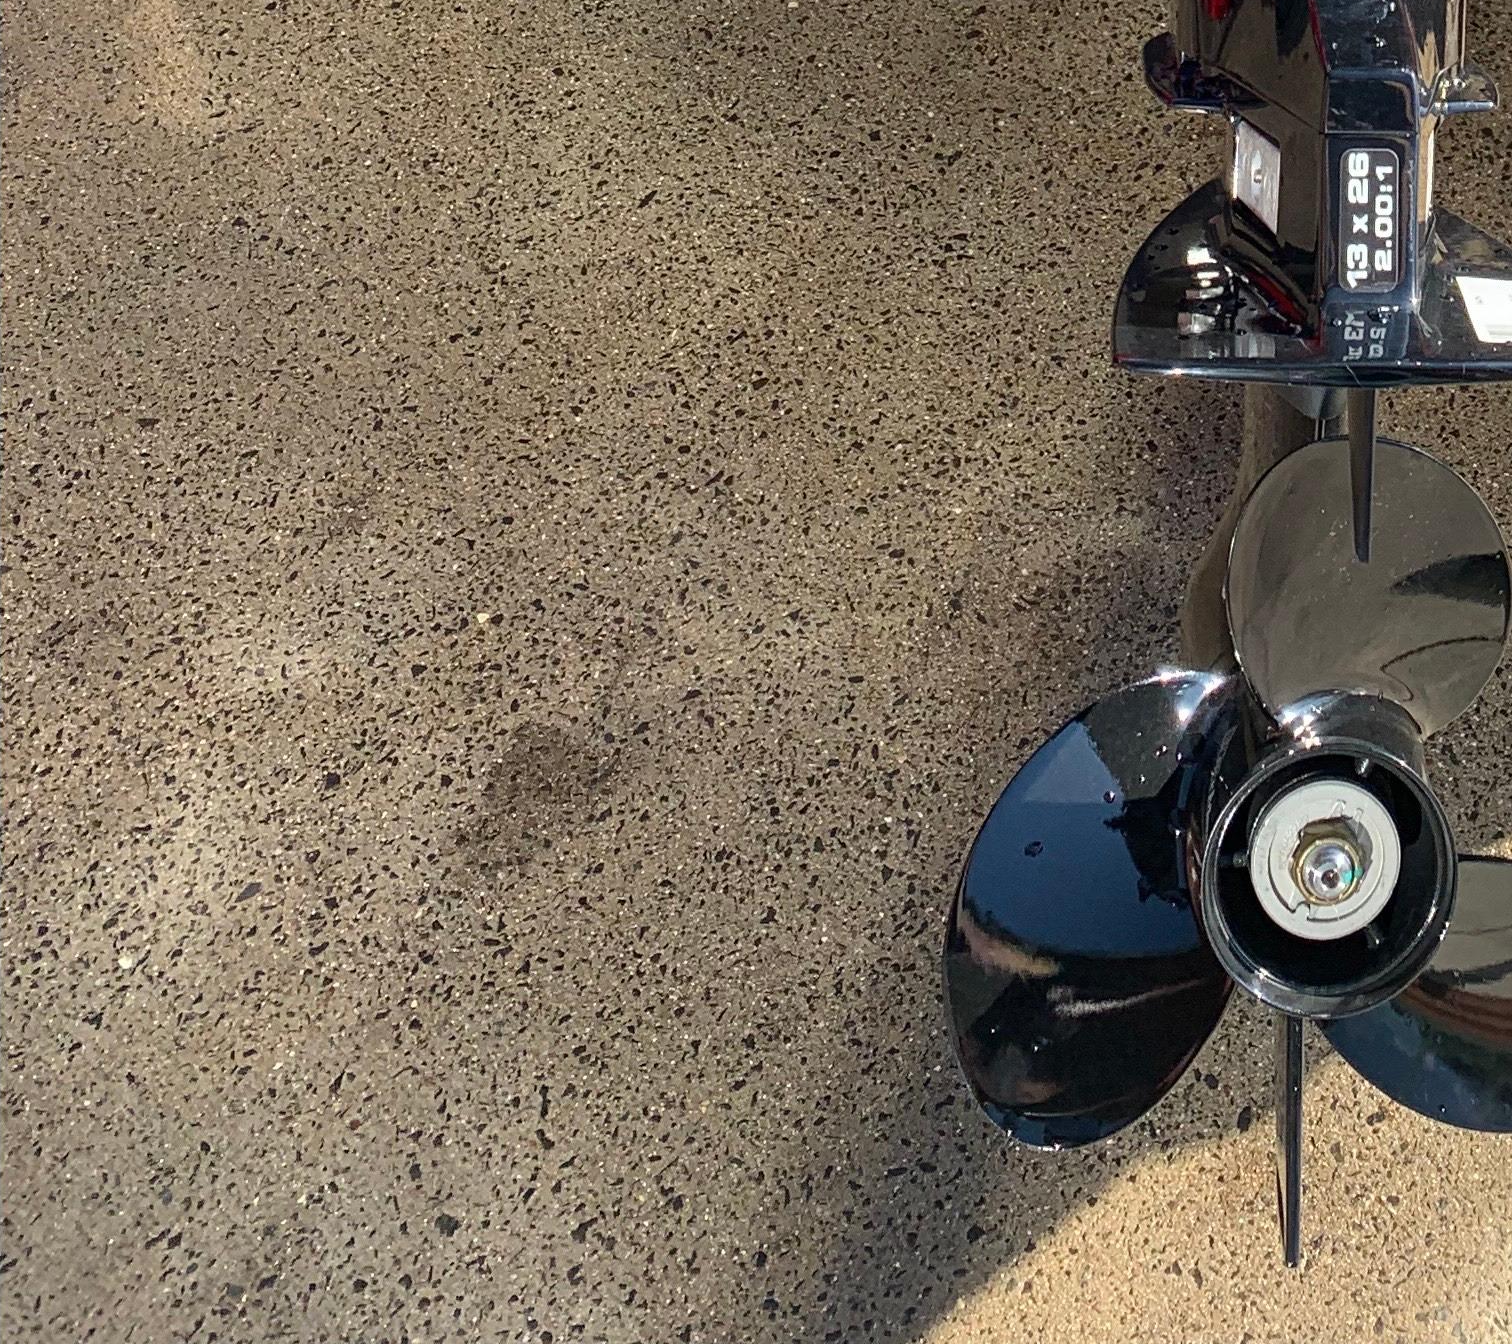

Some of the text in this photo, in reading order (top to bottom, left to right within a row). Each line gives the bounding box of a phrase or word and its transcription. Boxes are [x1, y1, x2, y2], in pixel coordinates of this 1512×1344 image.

[1348, 152, 1369, 204] 26
[1375, 165, 1393, 272] 2.00:1
[1346, 243, 1369, 289] 13
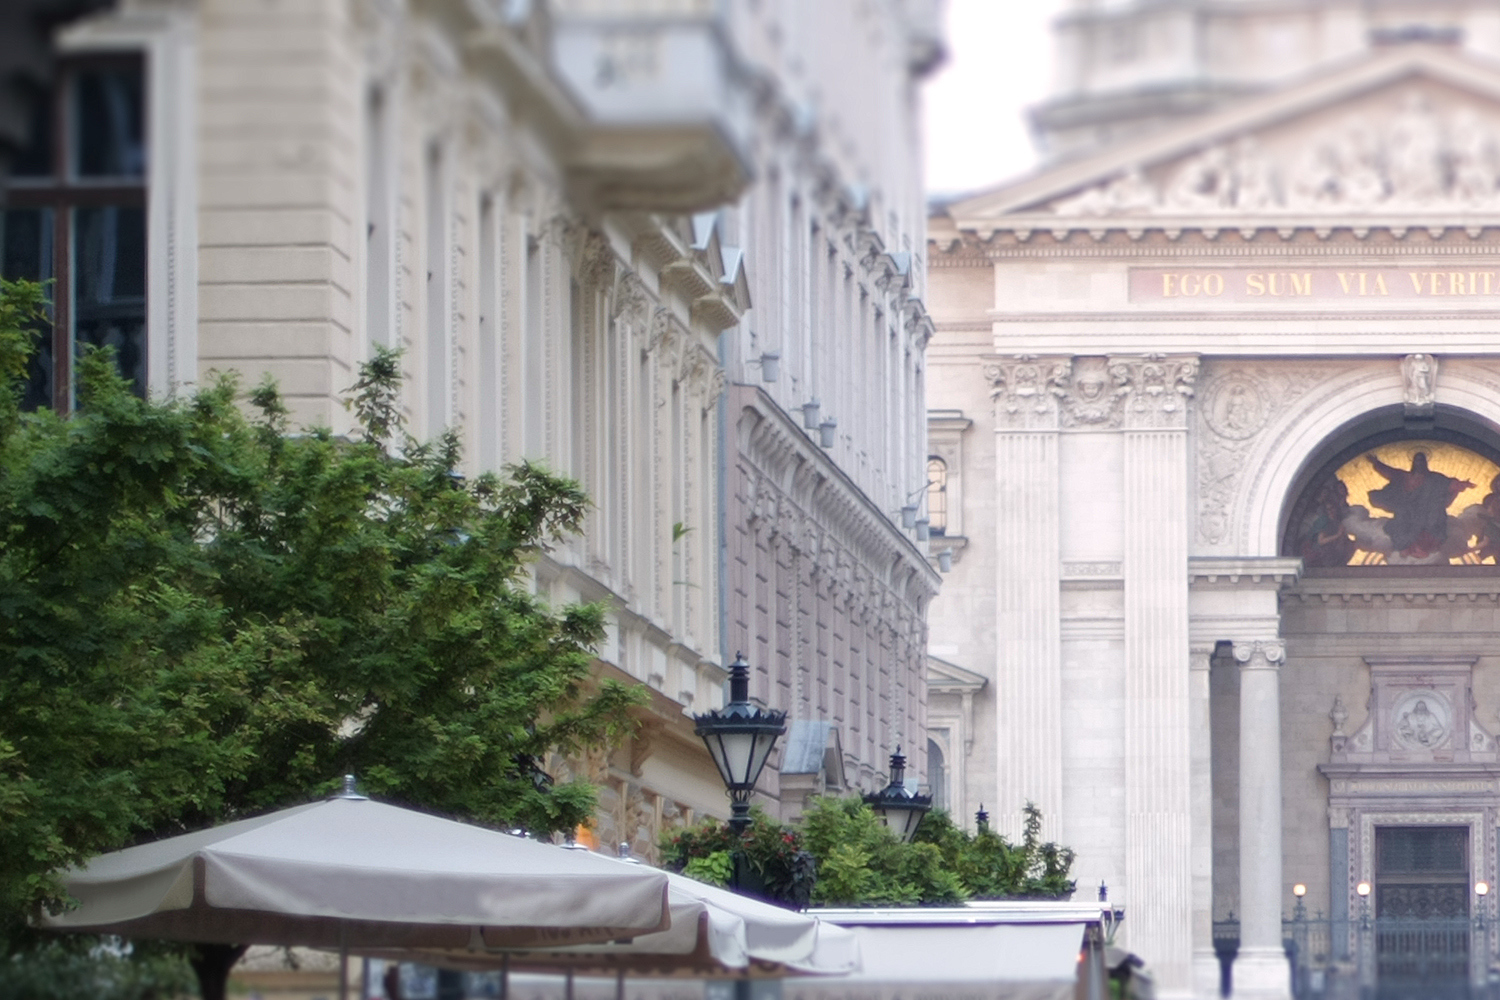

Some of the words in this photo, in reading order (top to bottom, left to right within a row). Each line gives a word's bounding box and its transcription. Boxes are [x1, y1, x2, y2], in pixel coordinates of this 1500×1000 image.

[1162, 272, 1224, 297] EGO
[1245, 272, 1313, 297] SUM
[1336, 272, 1390, 296] VIA
-------------------------
§ **Problem statement**:
Each line from the one containing "Some of the words" through the end of the material must be returned exactly; no other line should appear.

§ **Exercise result**:
Some of the words in this photo, in reading order (top to bottom, left to right within a row). Each line gives a word's bounding box and its transcription. Boxes are [x1, y1, x2, y2], in pixel coordinates of this 1500×1000 image.

[1162, 272, 1224, 297] EGO
[1245, 272, 1313, 297] SUM
[1336, 272, 1390, 296] VIA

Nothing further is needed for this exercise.